If the Darwinists cannot provide us with a scientific
answer, should we turn to the theory of “Intelligent Design”?
For the one thing that everybody can agree on is that the
design is very intelligent indeed. But does it really do
us any good, for our understanding of God’s universe,
to replace the black box of chance with one marked “miracles”?

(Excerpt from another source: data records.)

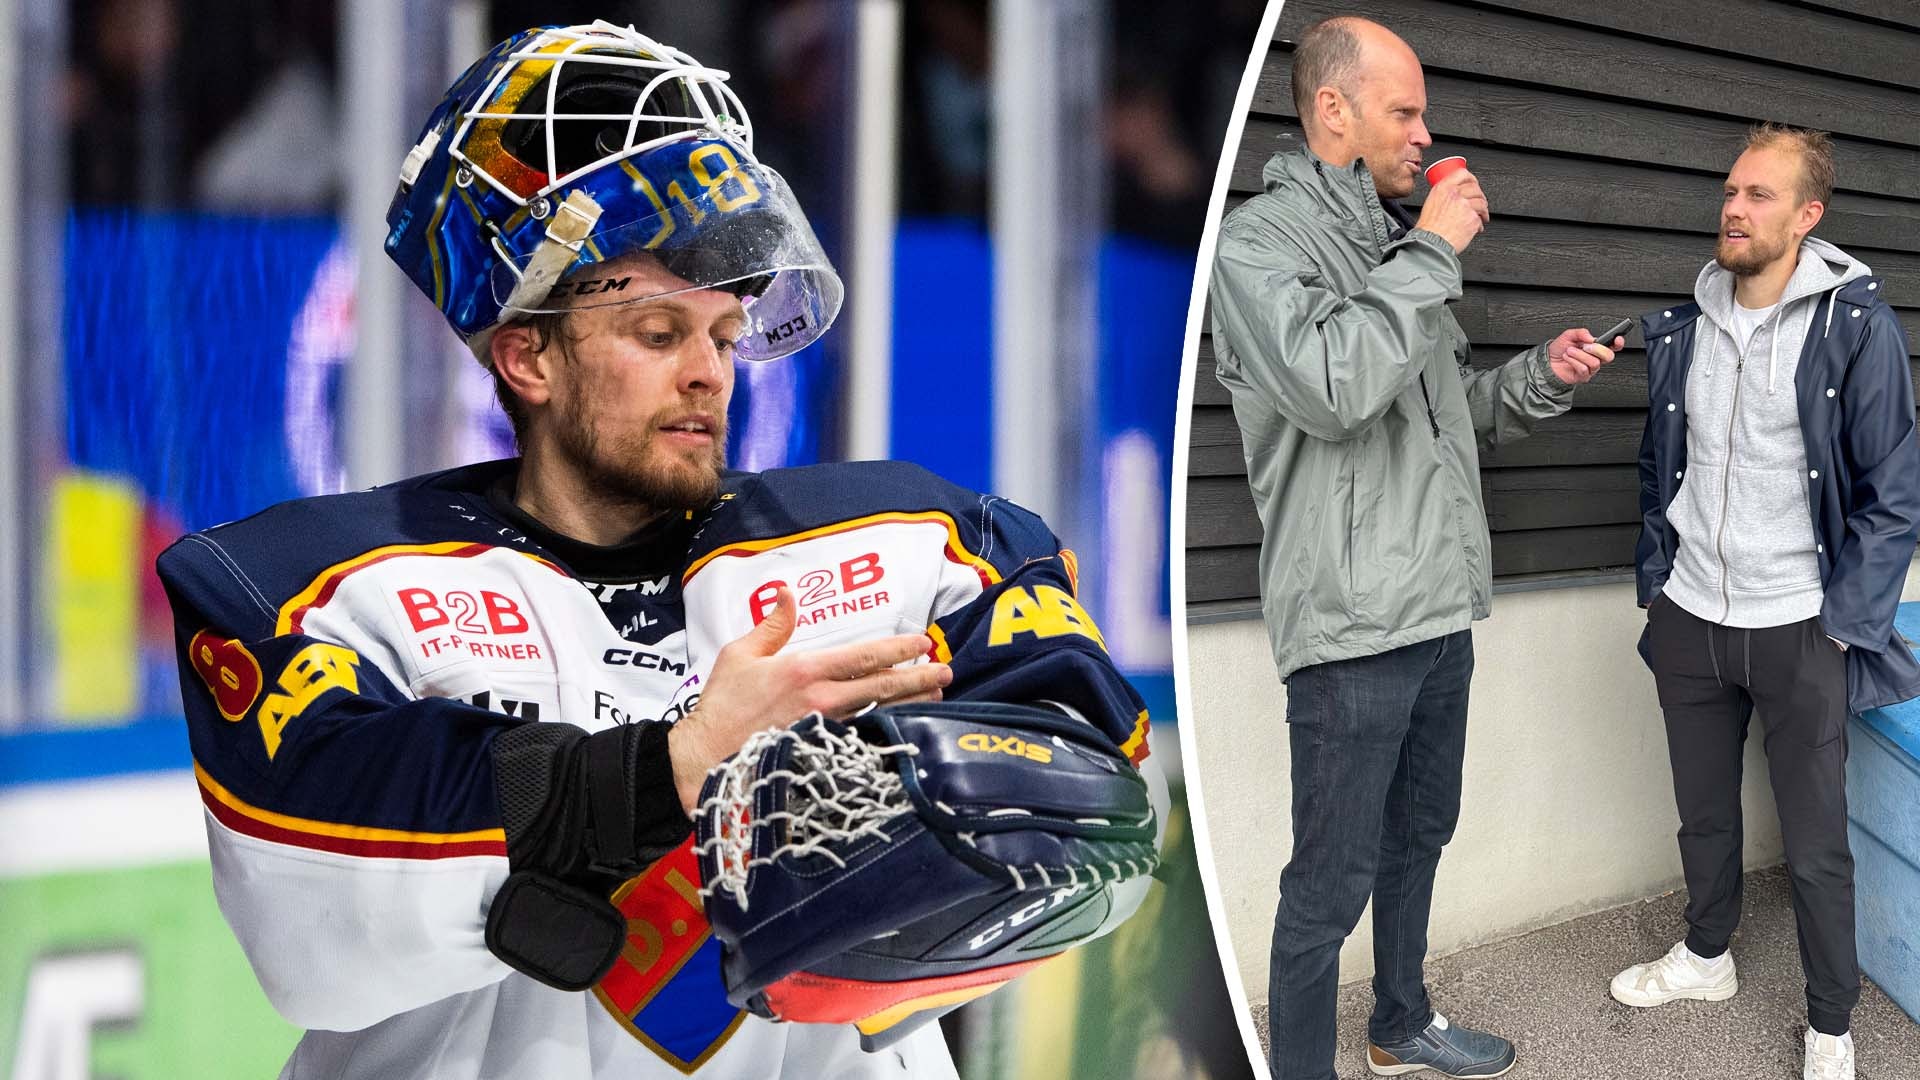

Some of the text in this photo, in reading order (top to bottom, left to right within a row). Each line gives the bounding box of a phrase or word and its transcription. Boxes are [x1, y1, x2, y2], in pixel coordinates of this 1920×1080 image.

[667, 143, 760, 226] 18
[551, 276, 632, 298] CCM
[397, 587, 529, 635] B2B
[616, 610, 659, 639] HL
[796, 591, 890, 628] ARTNER
[420, 634, 542, 660] IT-PRTNER
[602, 648, 686, 677] CCM
[957, 732, 1053, 765] axis

The whole point of having a rational God—a god who
is also logos—is that His universe is not only intelligent
but intelligible; man, made in the image and likeness of
this logos-God, is always able to understand more and more
of God’s work. Indeed, coming to an understanding
of this is man’s work; our task is not merely to
put the right label on the black box, but to open the box
and see what’s inside. What is needed is a theory
not of intelligent design, but intelligible design. We
already know that, as final cause, God did it; the trick
is to see how he does it.
But if we cannot turn to Darwin to open the black box,
and if Intelligent Design merely re-labels the box, where
are we to turn for a scientific explanation? This is the
question that Thomas Nagel explores in Mind and Cosmos:
Why the Materialist Neo-Darwinian Conception of Nature
Is Almost Certainly False. It is important to realize that
Prof. Nagel is a philosopher with impeccably atheist credentials.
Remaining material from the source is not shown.